» **What to do**:
Reproduce all of the data exactly. Images are not to appear in the reply.

» **Dataset entries**:
·····

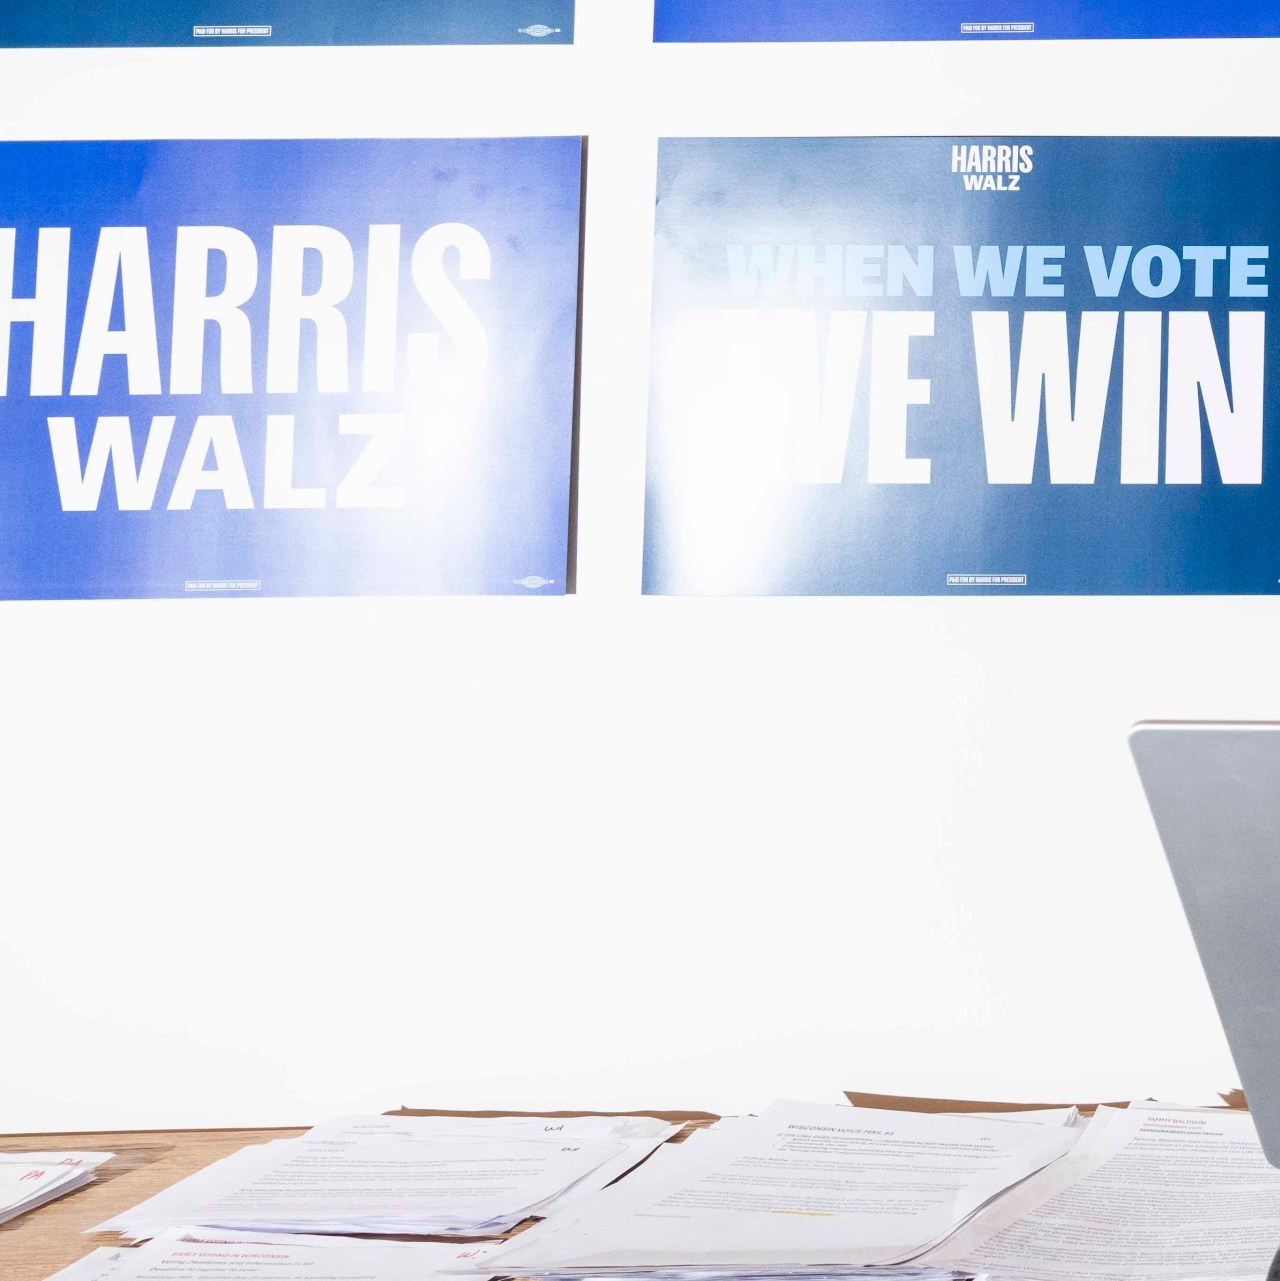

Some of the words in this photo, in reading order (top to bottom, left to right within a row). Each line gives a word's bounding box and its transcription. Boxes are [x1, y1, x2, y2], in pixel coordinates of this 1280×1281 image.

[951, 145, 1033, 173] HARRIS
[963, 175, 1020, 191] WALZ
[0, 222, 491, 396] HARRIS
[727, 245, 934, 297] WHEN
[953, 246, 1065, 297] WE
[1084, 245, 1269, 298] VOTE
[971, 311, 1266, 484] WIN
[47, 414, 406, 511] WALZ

·····

» **Result for this exercise**:
Some of the words in this photo, in reading order (top to bottom, left to right within a row). Each line gives a word's bounding box and its transcription. Boxes are [x1, y1, x2, y2], in pixel coordinates of this 1280×1281 image.

[951, 145, 1033, 173] HARRIS
[963, 175, 1020, 191] WALZ
[0, 222, 491, 396] HARRIS
[727, 245, 934, 297] WHEN
[953, 246, 1065, 297] WE
[1084, 245, 1269, 298] VOTE
[971, 311, 1266, 484] WIN
[47, 414, 406, 511] WALZ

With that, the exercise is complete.